12. Januar 

Nie wurde jemand verändert durch das, was ich sagte; aber durch das, was er verstand. (Paul P.) 

Wie oft haben wir all unsere Kraft aufgewendet, um jemanden, der uns nahe steht, zu verändern? Waren wir nicht schon wie besessen, als wir suchten, den geliebten Menschen dazu zu bringen, dass er doch endlich klar sehen möge? Wie hilflos waren wir gegenüber destruktiven Verhaltensmustern – die wir vielleicht aus eigener Erfahrung sehr wohl kannten -, wenn sie einem lieben Freund schlimmen Schmerz bereiteten? 

Jeder von uns hat derartige Situationen miterlebt. 
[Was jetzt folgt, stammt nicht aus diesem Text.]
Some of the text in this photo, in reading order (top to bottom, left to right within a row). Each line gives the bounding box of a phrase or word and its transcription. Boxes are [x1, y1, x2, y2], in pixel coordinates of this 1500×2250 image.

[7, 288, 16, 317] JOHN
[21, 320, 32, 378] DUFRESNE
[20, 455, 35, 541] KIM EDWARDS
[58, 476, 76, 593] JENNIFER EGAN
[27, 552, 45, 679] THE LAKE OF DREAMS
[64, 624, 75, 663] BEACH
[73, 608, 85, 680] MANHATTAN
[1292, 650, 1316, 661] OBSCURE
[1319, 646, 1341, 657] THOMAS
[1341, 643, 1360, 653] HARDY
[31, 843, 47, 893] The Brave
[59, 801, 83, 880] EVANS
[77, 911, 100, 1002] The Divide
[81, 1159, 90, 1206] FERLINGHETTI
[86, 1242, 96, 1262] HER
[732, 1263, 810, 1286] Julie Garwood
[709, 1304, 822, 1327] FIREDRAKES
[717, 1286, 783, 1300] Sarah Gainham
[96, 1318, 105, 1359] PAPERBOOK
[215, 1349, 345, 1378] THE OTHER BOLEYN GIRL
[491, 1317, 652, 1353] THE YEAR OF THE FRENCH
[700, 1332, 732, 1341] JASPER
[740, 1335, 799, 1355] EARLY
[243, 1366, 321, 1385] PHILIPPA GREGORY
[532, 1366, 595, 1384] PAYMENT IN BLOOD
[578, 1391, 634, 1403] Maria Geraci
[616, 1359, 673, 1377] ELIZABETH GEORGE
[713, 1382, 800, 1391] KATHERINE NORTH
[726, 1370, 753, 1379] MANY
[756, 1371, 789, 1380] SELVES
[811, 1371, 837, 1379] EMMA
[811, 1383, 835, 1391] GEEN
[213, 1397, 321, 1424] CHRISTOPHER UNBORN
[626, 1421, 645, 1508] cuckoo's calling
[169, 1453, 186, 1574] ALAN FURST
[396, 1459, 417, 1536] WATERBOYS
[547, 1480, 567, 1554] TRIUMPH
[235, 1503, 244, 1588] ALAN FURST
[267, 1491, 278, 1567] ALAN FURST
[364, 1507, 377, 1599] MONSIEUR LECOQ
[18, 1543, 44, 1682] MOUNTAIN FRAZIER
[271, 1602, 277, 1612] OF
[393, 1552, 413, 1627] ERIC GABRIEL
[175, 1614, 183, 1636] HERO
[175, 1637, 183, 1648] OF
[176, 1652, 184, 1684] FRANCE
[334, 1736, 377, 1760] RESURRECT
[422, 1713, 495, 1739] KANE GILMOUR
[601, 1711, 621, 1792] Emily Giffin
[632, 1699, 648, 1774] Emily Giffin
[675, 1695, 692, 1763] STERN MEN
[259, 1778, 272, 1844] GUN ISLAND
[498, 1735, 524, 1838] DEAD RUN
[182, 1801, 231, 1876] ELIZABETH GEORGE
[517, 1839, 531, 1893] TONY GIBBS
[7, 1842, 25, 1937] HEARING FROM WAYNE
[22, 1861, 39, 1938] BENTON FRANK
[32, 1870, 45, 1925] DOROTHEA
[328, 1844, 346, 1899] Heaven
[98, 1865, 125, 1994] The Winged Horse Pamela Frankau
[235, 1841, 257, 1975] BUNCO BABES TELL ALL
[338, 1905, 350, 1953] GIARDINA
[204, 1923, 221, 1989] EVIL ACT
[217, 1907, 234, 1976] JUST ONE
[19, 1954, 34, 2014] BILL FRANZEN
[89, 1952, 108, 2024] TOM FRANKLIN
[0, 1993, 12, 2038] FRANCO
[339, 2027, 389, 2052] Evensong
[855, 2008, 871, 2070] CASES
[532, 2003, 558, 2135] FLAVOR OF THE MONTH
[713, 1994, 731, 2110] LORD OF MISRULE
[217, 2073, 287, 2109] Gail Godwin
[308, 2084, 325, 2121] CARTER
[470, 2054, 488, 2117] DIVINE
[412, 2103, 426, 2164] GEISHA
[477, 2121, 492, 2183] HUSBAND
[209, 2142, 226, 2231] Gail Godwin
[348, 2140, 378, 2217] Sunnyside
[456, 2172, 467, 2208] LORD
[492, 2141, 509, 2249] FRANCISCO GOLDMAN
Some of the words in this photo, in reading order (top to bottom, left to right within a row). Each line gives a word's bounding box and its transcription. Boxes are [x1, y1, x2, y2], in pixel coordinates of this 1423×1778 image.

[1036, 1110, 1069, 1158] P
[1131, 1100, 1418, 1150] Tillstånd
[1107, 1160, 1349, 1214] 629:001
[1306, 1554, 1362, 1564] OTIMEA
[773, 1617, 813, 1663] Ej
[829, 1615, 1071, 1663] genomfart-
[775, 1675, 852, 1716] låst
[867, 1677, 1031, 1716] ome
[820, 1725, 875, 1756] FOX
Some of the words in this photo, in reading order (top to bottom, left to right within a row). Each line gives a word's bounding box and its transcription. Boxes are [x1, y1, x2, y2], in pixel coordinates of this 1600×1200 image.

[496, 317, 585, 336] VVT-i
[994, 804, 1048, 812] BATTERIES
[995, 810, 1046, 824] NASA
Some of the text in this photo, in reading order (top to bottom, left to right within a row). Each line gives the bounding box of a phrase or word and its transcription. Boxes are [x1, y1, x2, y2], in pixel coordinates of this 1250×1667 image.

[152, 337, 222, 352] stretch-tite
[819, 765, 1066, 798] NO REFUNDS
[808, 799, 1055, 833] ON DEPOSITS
Wir würden alles tun, um die Menschen, die wir lieben, vor Unheil zu bewahren. In unserer Verzweiflung glauben wir, dass das richtige Wort aus unserem Mund, auf die richtige Weise eingesetzt, vom anderen verstanden wird. 

Sobald dann sich etwas ändert, glauben wir, dass unsere Mühe sich gelohnt hat und Früchte trägt. 

Wenn alles beim alten bleibt, scheint es, als wäre alles umsonst gewesen. Aber weder das eine noch das andere ist wahr. Selbst unsere größten Anstrengungen besitzen nicht die Macht, jemanden zu verändern. Wir tragen dafür auch gar nicht die Verantwortung. Menschen können nur überzeugt werden durch das, was sie verstehen. Und wie wir fassen sie eine tiefere Wahrheit nur dann, wenn ihre Zeit für inneres Wachstum, ihre Bereitschaft für mehr Wissen gereift ist. Nicht vorher. 

Heute will ich mich darauf konzentrieren, den inneren Wandel zu erfahren – und jene, die ich liebe, der Höheren Macht anzuvertrauen, von der sie mit mehr Liebe beschenkt werden, als ich sie zu geben vermag.